THE COUNCIL MEETING OF 17TH FEBRUARY 2014

[41] On the basis of the outcome of the lengthy evaluation of the factual matrix placed before the court, in my view the version of events which occurred at the council meeting of 17th February 2014 that is expressed on behalf of the MEC is to be accepted for the purposes of this application.  That version demonstrates a meeting which was conducted in an inappropriate manner and which produced a purported resolution which is unlawful in the result.  Moreover, it is in terms contradictory of the activity proposed by the mayor in convening the special council meeting on 23rd May 2014.  Clearly, in my view, the proposed special council meeting is vital to begin to address the very real concerns which confront the mayor, the municipality and the municipal manager. 

[42] However, a municipal council acts through its resolutions.  Once a resolution is adopted, the municipal officials are bound to execute its terms until such time as it is either rescinded or set aside on review.[25]  The proposed special council meeting of 23rd May 2014 cannot be derailed because of the contradictory and unlawful decision purportedly taken by the council on 17th February 2014. 

[43] The answering affidavits contain no indication of cognisance on the part of the mayor or the council of the need to rescind that decision in order to enable the proposed meeting to take place.  What is required in the urgent circumstances placed before the court, in my view, is an order that addressed both the unlawful nature of the decision purportedly taken on 17th February 2014 and the barrier that it poses to any further council meeting which aims to deal with the Kabuso forensic report in an appropriate manner.

THE DRAFT ORDER

[44] This is an appropriate point at which to record that the final order which issued in this matter was prompted by the introduction of a draft order on behalf of the MEC.  Several issues flow from that which require attention. 
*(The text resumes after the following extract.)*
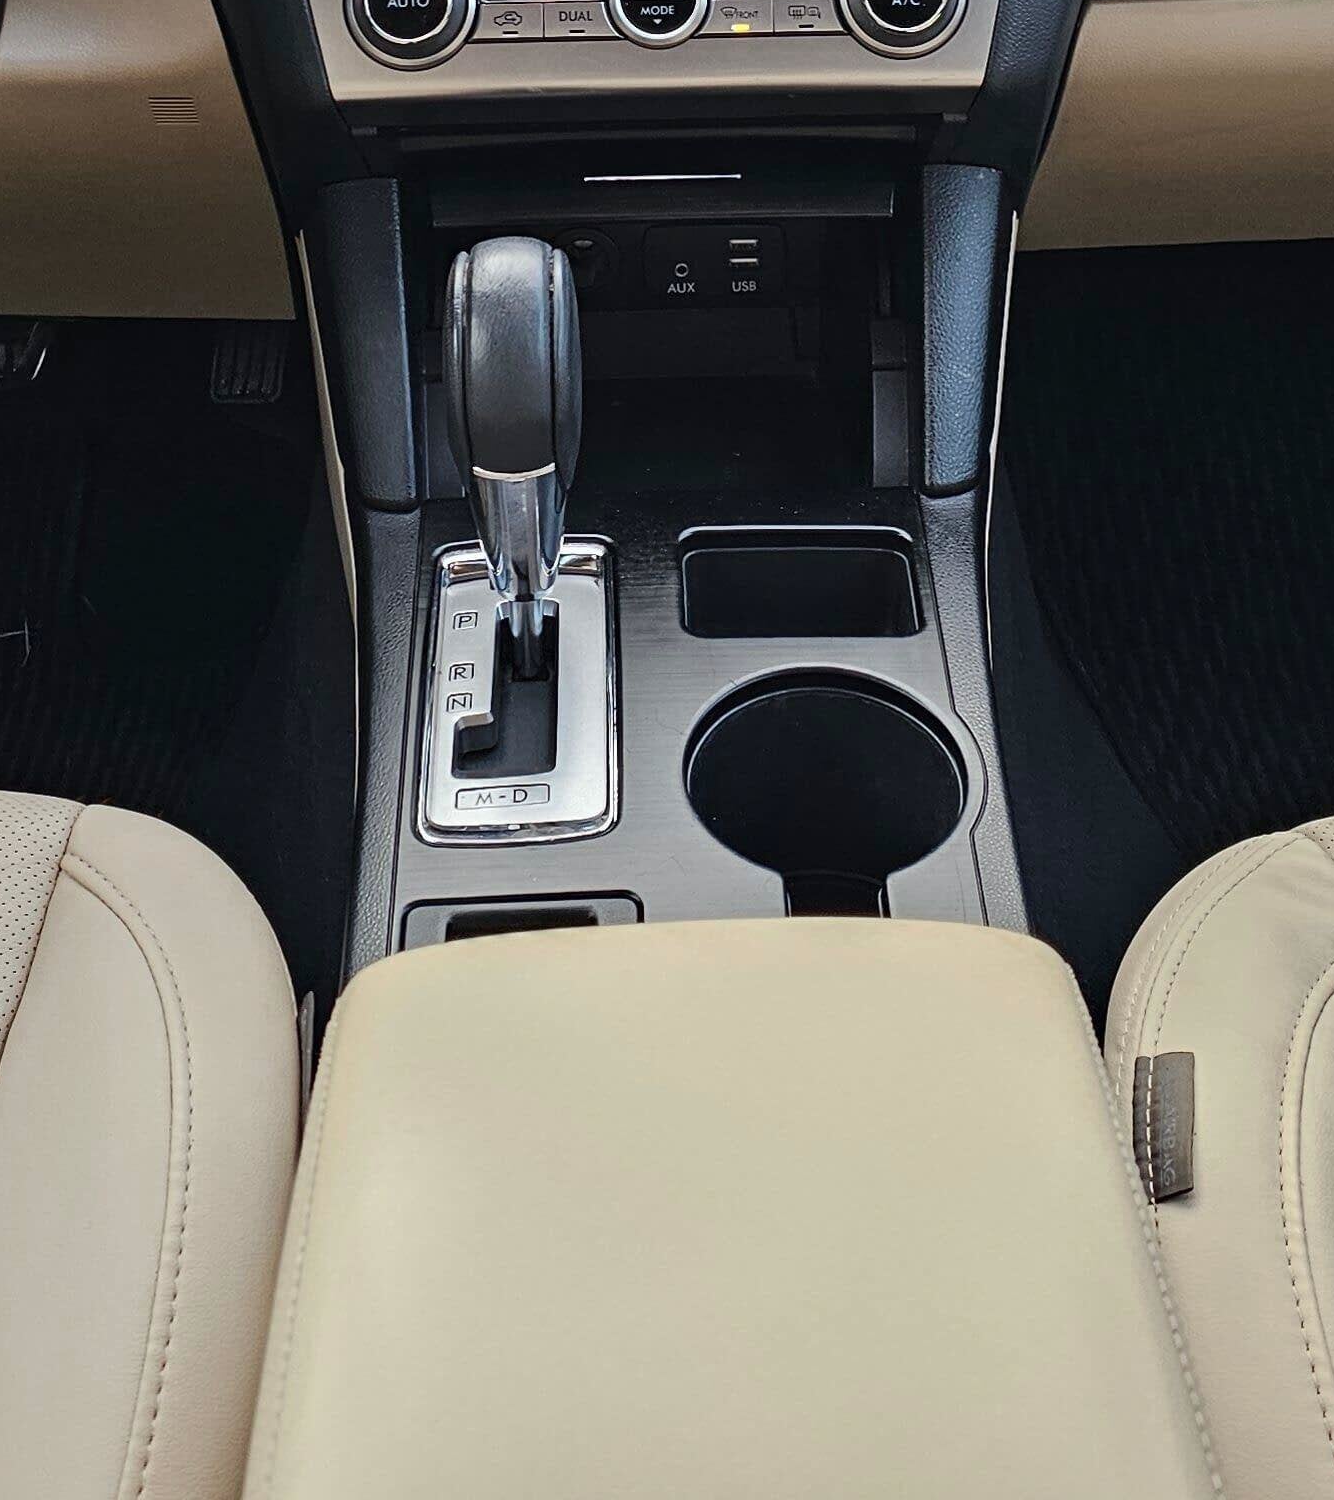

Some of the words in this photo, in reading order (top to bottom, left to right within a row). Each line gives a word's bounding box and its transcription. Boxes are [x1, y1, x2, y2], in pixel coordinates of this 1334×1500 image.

[45] Firstly, Mr. Mbenenge protested that the draft order expressed relief which was never contemplated in the notice of motion or expressed in the rule nisi. He submitted that it reflected relief which differed so much from the relief claimed in the initial notice of motion that it constituted a case which the respondents had never been called upon to meet.  For this reason alone, he argued, the relief could not be granted.

[46] Secondly, Mr. Mbenenge argued that it is no longer competent to permit the introduction of relief which is substantially different from the initial relief claimed under the prayer for “further and/or alternative relief.”  Such a prayer has been considered as redundant. [26]

[47] In my view, there is no merit in these two bases from which an attack was made upon the issue of an order in terms of the draft order prepared by Mr Quinn.

[48] The extremely unfortunate history of the growing dispute between the parties was fully ventilated in the somewhat protracted exchange of affidavits.  It is evident from the analysis of the factual matrix placed before this court which finds expression earlier in these reasons that the general character of that dispute remains unchanged.  The passage of time simply permits for an increase in the number of factual examples of the manner in which that dispute manifests itself.  Accordingly, the general character of the dispute between the parties, and the true nature of the case which the respondents have been called upon to meet, remains substantially constant.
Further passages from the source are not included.